Judge: You've been charged with violation of section […] of the city code: having an open bottle of alcohol in public. How old are you?
Dirty, shirtless white man: Eighteen.
Judge: Does anyone else live in your household with you?
Dirty, shirtless white man: Yeah, my girlfriend and our two kids.
Judge: How old is your girlfriend?
Dirty, shirtless white man: Thirty-eight.
Judge: Thirty-eight? How long have you two been living together?
Dirty, shirtless white man: About seven years.
Judge: You're 18 and you and this woman have been living together for seven years??
Dirty, shirtless white man: Yeah.
Judge: Can you post $100 bail?
Dirty, shirtless white man: I have no money, judge.
Judge: Uh, well, then just come back on November 26, okay?
(man leaves)
Judge, to law clerk: He's got enough problems.

City Court
Long Beach, New York

Overheard by: Big Larry

Office chick #1: But why does she do that?
Office chick #2: It doesn’t matter — her boyfriend is so gay!

Melbourne
Australia

Boss: If we don’t start turning things around here so I can get home sooner, I’m going to wind up divorced. And that would be…bad. I think.

6106 Excelsior Boulevard
Minneapolis, Minnesota

Overheard by: Mad Cow

Manager: Well if they don't fill out the forms right, they don't get their shit. I have no sympathy for them…and you know what I say? If they want to find sympathy, they can look in the dictionary between “shit” and “syphilis.”

Providence, Rhode Island

Overheard by: Katie M

CSR: Don't you and your husband ever take a shower together?
Supervisor: Are you kidding? After all these years? We don't even fit! Well, we fit, but our feet wouldn't get wet!

Indianapolis, Indiana

Office Manager: …who knows, maybe Crystal is a very nice person.
Design Assistant: But I hate people named after rocks.

228 Gerrard Street East
Toronto, Ontario
Canadia

Overheard by: J.B.

Designer, during meeting: You can get a lot done in a threesome if you have an alliance.

Ad Agency
Vancouver
Canadia

Overheard by: worried coworker

Male banker on phone: He cheated on her and she took him back. Now I think she might dump him, which is really funny because, you know, he’s got everything, and she’s just so… average!

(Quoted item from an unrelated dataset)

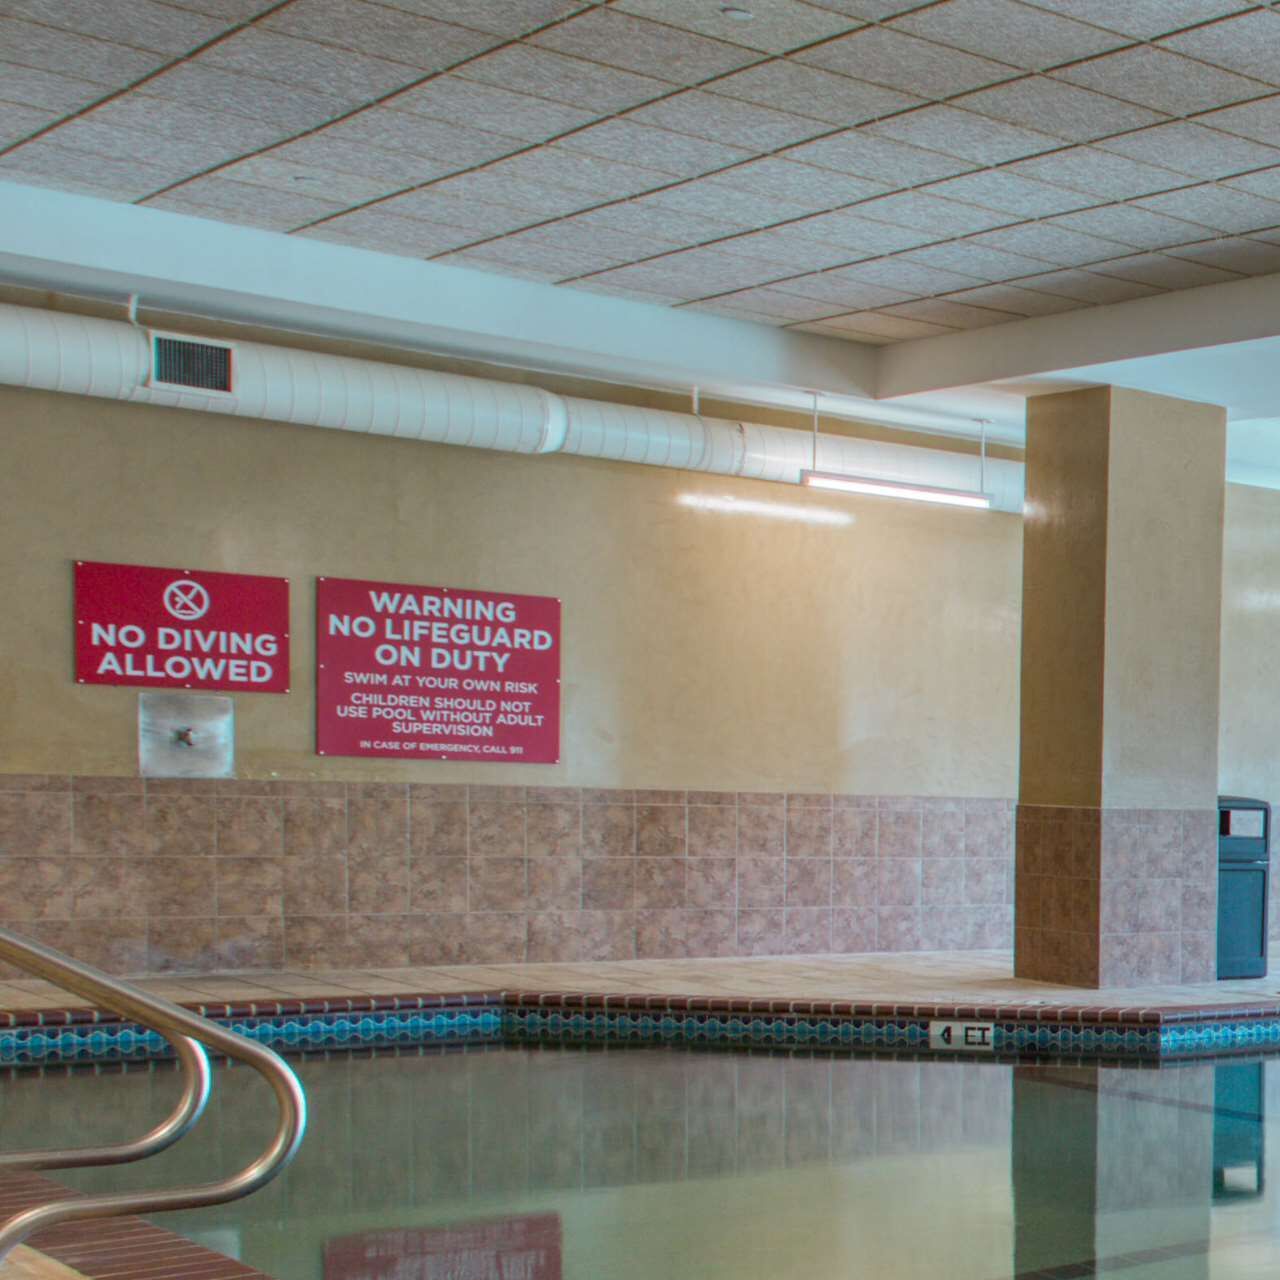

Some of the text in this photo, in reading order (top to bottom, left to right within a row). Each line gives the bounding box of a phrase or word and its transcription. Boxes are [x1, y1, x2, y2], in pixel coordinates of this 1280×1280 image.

54th Street and Park Avenue
New York, New York

Overheard by: not-nearly -as-shallow female banker

Cubicle #1: Oh no, today is Tuesday the 13th! Does that mean anything?
Cubicle #2: Umm… Today is the 12th. Tomorrow is the 13th. And humpday!
Cubicle #1: Oh no! Wednesday the 13th! Does that mean anything?
Cubicle #2: Well, it’s the day before Valentine’s Day. You got your wife something already, right?
Cubicle #1: Dang! I better think of something quick, right?
Cubicle #2: You haven’t gotten a card or anything?
Cubicle #1: Well, I did actually get her a gift. But I opened up my trunk yesterday and it smelled funny so I took it back.
Cubicle #2: … It wasn’t a puppy, was it?

England Street
Charlotte, North Carolina

Boss on phone: Are you calling for a trumpet or are you trying to fix me up with someone?